Without any images, write the data out exactly as it appears.
Start of Provided records
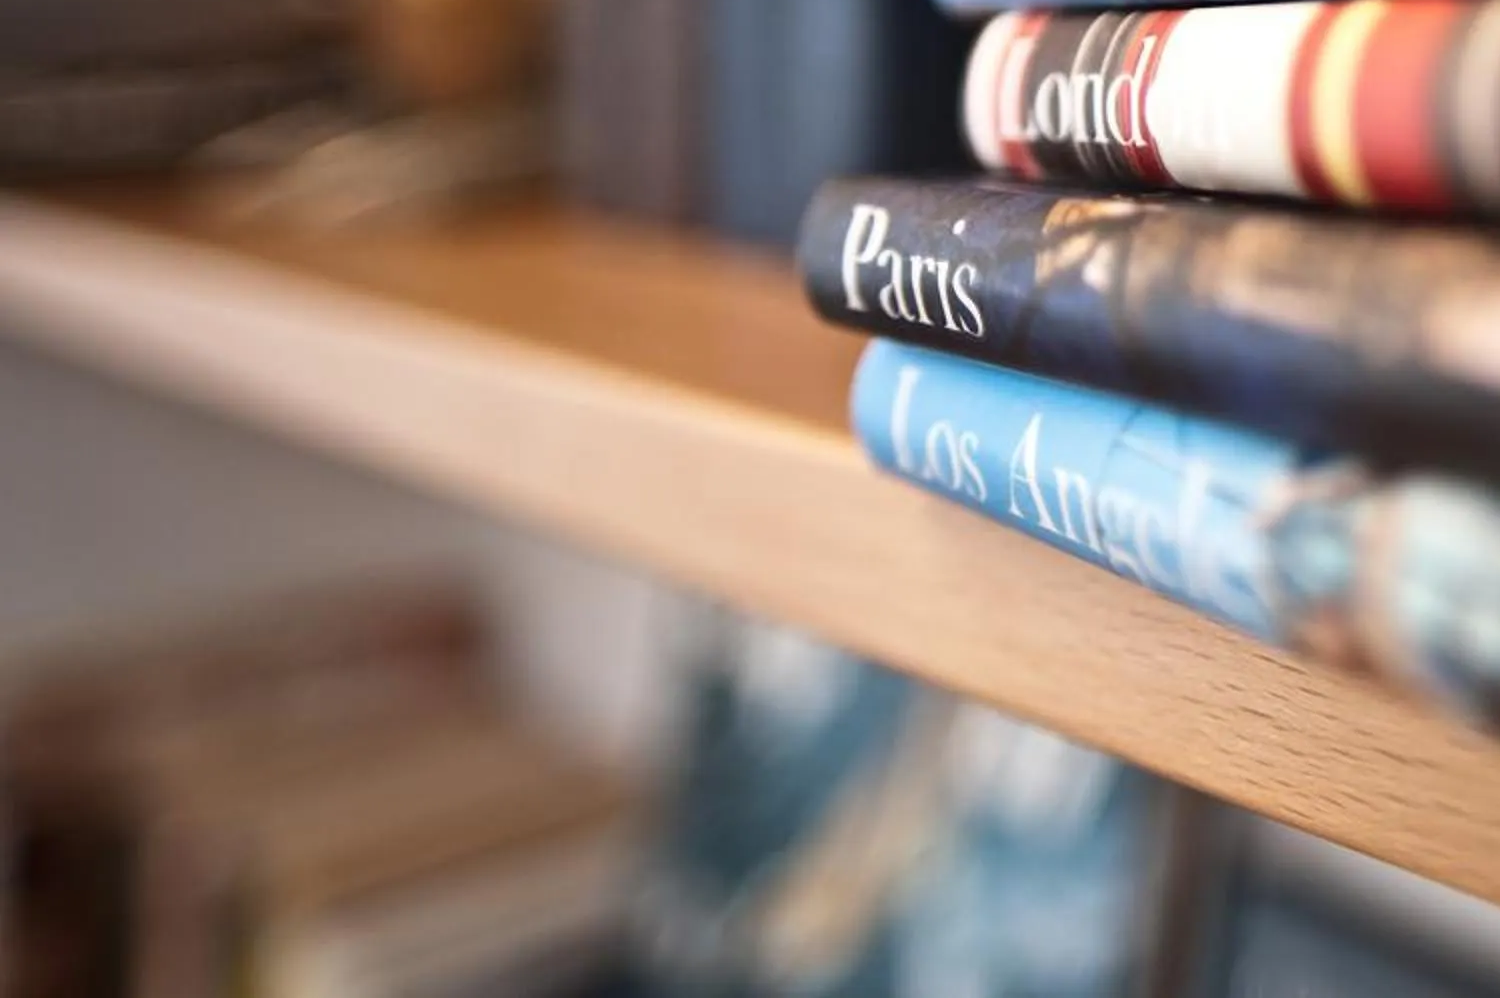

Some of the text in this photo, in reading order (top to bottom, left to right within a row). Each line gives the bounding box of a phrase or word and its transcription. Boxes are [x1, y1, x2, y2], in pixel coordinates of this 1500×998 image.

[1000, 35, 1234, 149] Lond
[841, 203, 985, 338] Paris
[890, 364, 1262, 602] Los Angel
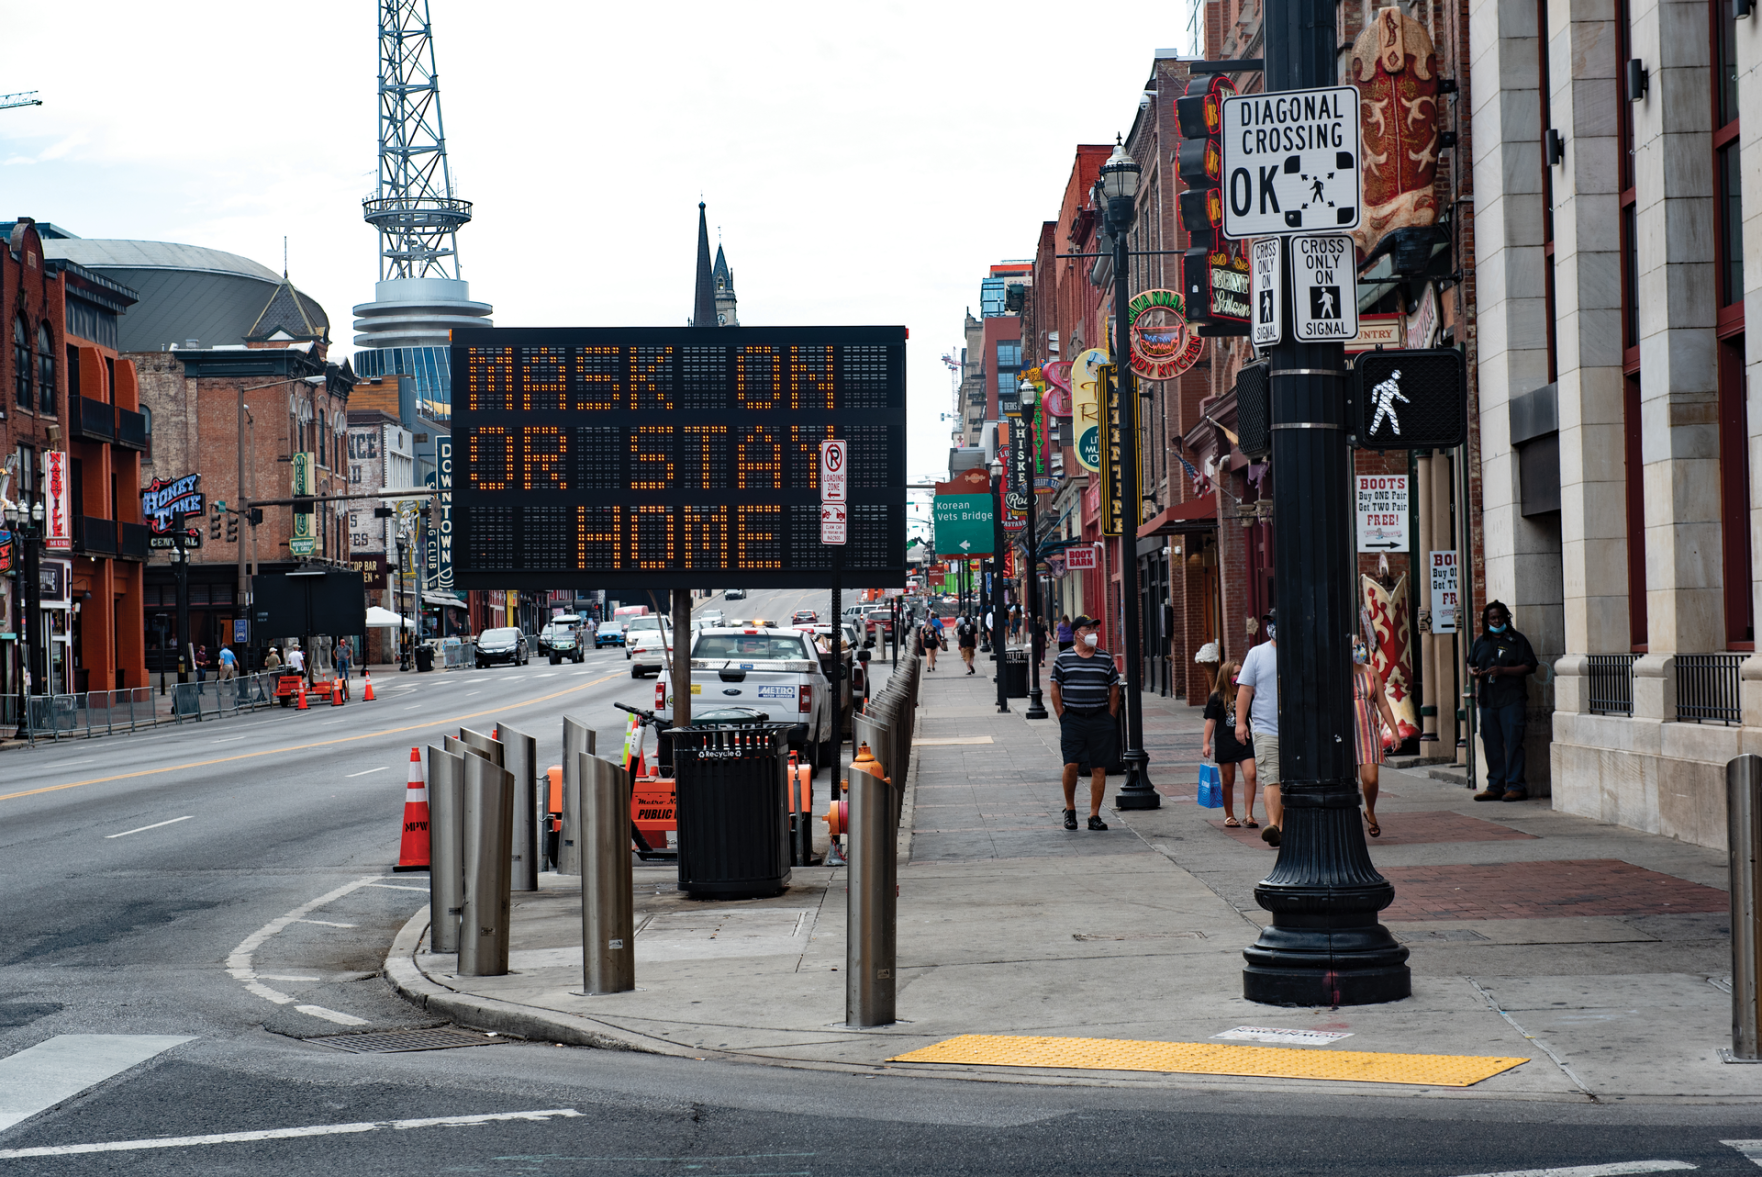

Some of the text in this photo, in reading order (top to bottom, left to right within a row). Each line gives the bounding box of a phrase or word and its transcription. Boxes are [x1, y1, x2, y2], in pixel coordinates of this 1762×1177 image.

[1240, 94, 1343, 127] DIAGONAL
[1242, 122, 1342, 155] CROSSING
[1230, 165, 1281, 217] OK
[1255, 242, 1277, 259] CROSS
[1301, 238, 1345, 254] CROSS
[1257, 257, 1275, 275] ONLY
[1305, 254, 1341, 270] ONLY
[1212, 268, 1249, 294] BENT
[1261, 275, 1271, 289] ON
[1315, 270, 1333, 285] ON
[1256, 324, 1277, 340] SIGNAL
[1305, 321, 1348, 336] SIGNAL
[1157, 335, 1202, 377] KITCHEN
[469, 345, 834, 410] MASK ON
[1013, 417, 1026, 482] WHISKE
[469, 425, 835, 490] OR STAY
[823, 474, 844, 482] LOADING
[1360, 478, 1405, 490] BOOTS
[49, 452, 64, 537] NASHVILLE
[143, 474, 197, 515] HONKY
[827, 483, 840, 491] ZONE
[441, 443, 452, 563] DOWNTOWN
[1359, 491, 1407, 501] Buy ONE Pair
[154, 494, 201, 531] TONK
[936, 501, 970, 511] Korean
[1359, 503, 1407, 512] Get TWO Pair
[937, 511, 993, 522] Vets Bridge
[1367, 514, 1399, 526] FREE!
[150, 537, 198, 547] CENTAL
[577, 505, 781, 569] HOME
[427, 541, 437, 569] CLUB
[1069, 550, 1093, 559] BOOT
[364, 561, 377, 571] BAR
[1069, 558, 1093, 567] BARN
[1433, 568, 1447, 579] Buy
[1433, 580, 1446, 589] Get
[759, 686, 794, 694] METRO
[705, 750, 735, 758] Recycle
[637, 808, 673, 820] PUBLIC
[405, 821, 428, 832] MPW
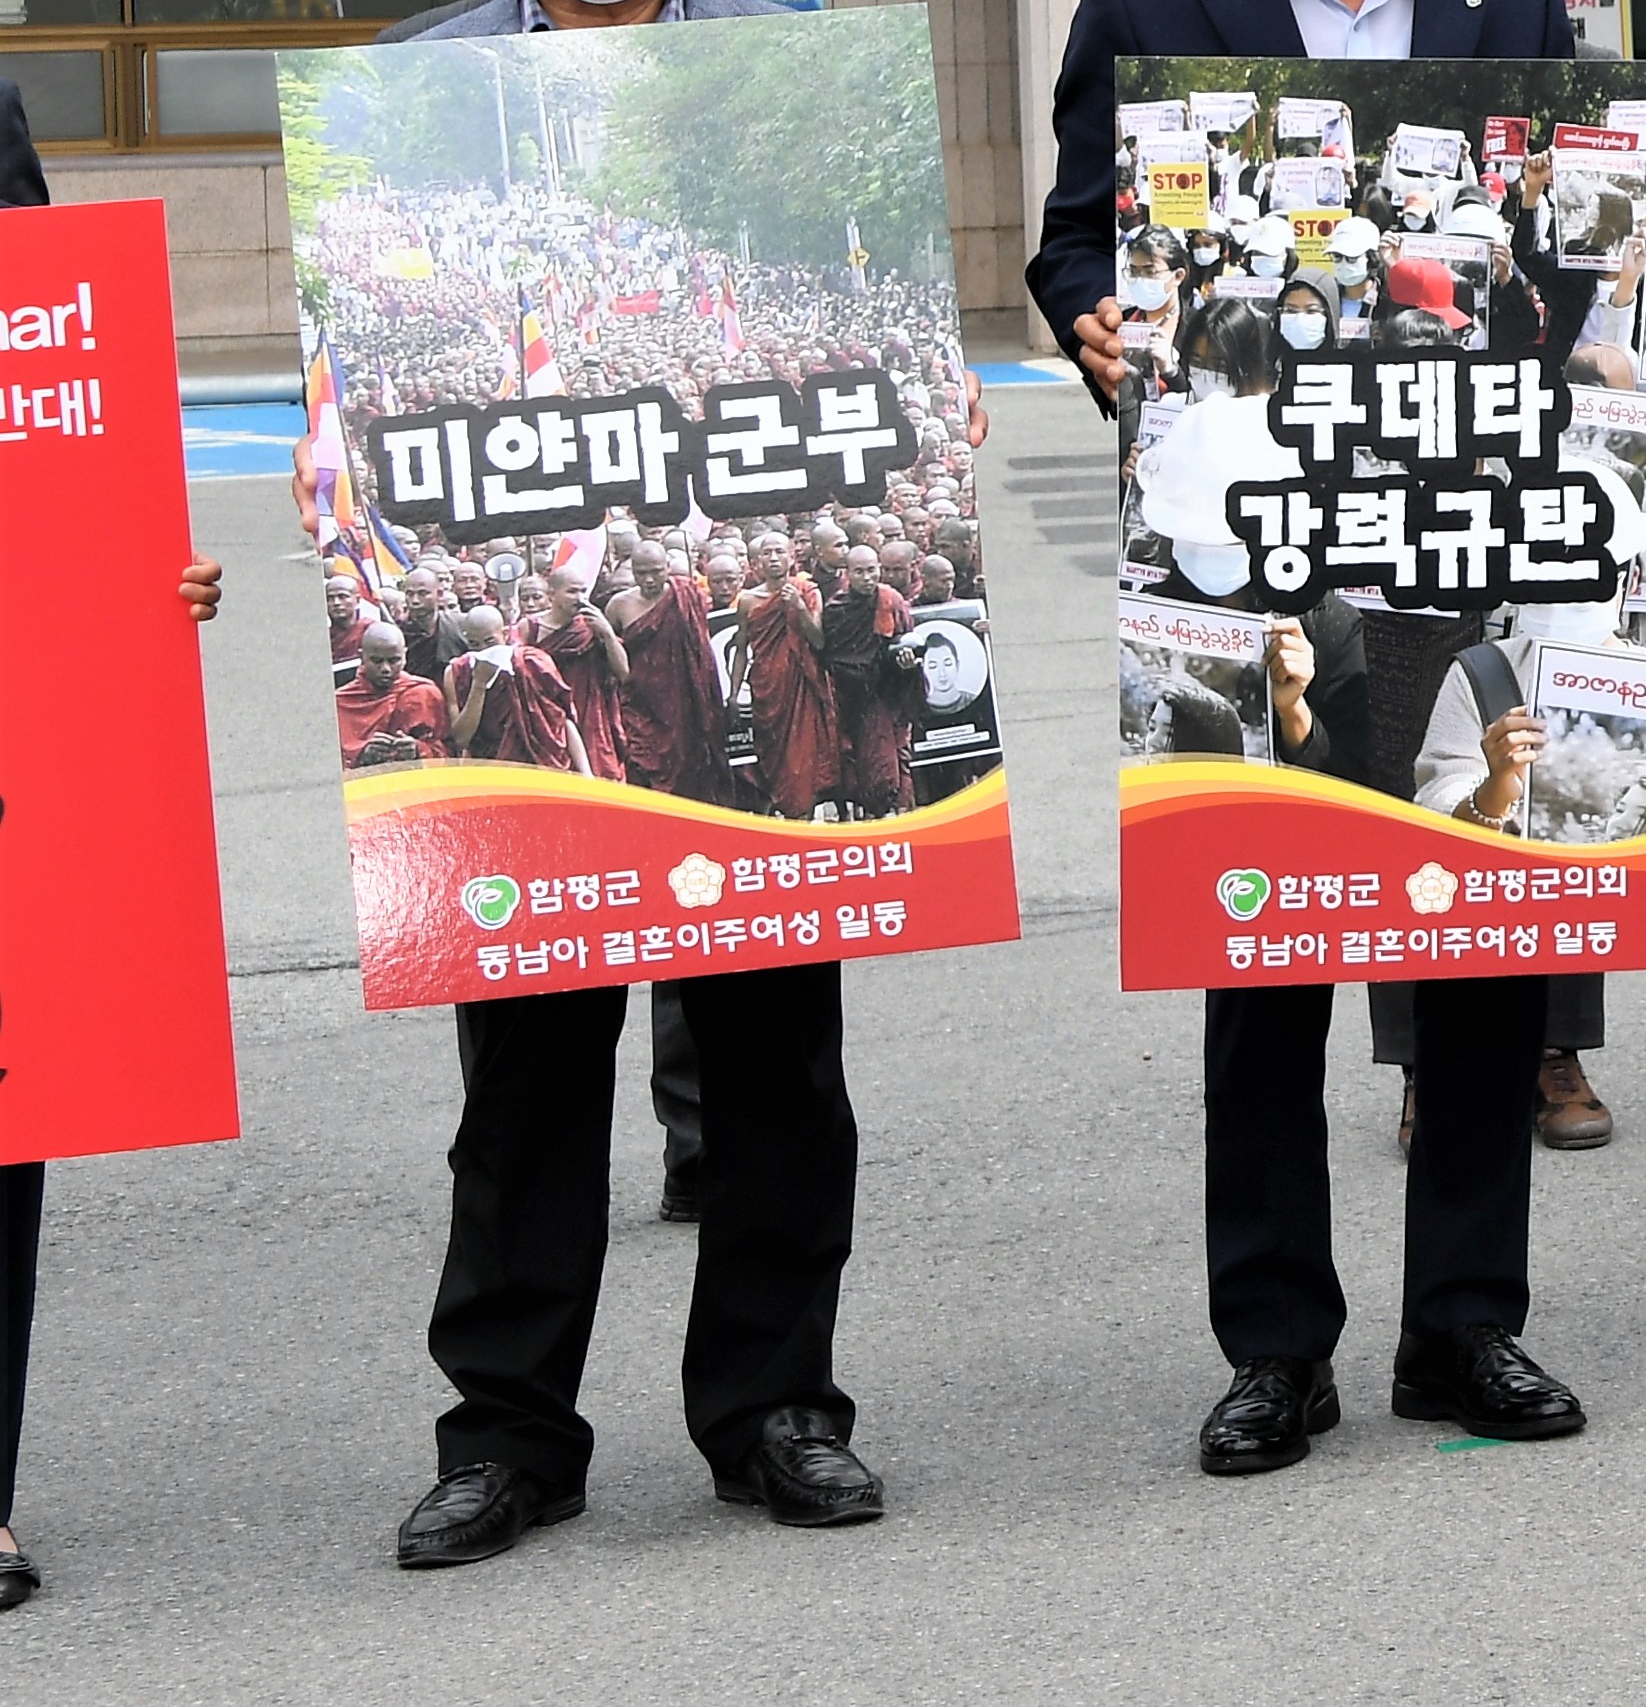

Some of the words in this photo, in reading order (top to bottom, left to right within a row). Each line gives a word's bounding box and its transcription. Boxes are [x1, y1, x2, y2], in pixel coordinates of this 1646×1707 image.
End of Provided records
# Task response
Some of the text in this photo, in reading order (top to bottom, left to right within a row). Each line gives the bounding box of a phrase or word and its transcription. Boxes are [x1, y1, x2, y2], in pixel coordinates of this 1500×998 image.

[1000, 35, 1234, 149] Lond
[841, 203, 985, 338] Paris
[890, 364, 1262, 602] Los Angel

Some of the text in this photo, in reading order (top to bottom, left to right within a row). Each line gives the bounding box of a phrase or word and its transcription. Boxes are [x1, y1, x2, y2], in pixel coordinates of this 1762×1177 image.

[1240, 94, 1343, 127] DIAGONAL
[1242, 122, 1342, 155] CROSSING
[1230, 165, 1281, 217] OK
[1255, 242, 1277, 259] CROSS
[1301, 238, 1345, 254] CROSS
[1257, 257, 1275, 275] ONLY
[1305, 254, 1341, 270] ONLY
[1212, 268, 1249, 294] BENT
[1261, 275, 1271, 289] ON
[1315, 270, 1333, 285] ON
[1256, 324, 1277, 340] SIGNAL
[1305, 321, 1348, 336] SIGNAL
[1157, 335, 1202, 377] KITCHEN
[469, 345, 834, 410] MASK ON
[1013, 417, 1026, 482] WHISKE
[469, 425, 835, 490] OR STAY
[823, 474, 844, 482] LOADING
[1360, 478, 1405, 490] BOOTS
[49, 452, 64, 537] NASHVILLE
[143, 474, 197, 515] HONKY
[827, 483, 840, 491] ZONE
[441, 443, 452, 563] DOWNTOWN
[1359, 491, 1407, 501] Buy ONE Pair
[154, 494, 201, 531] TONK
[936, 501, 970, 511] Korean
[1359, 503, 1407, 512] Get TWO Pair
[937, 511, 993, 522] Vets Bridge
[1367, 514, 1399, 526] FREE!
[150, 537, 198, 547] CENTAL
[577, 505, 781, 569] HOME
[427, 541, 437, 569] CLUB
[1069, 550, 1093, 559] BOOT
[364, 561, 377, 571] BAR
[1069, 558, 1093, 567] BARN
[1433, 568, 1447, 579] Buy
[1433, 580, 1446, 589] Get
[759, 686, 794, 694] METRO
[705, 750, 735, 758] Recycle
[637, 808, 673, 820] PUBLIC
[405, 821, 428, 832] MPW

Some of the words in this photo, in reading order (top to bottom, left to right within a row). Each line gives a word's bounding box and its transcription. Boxes are [x1, y1, x2, y2], in pixel coordinates of this 1646×1707 image.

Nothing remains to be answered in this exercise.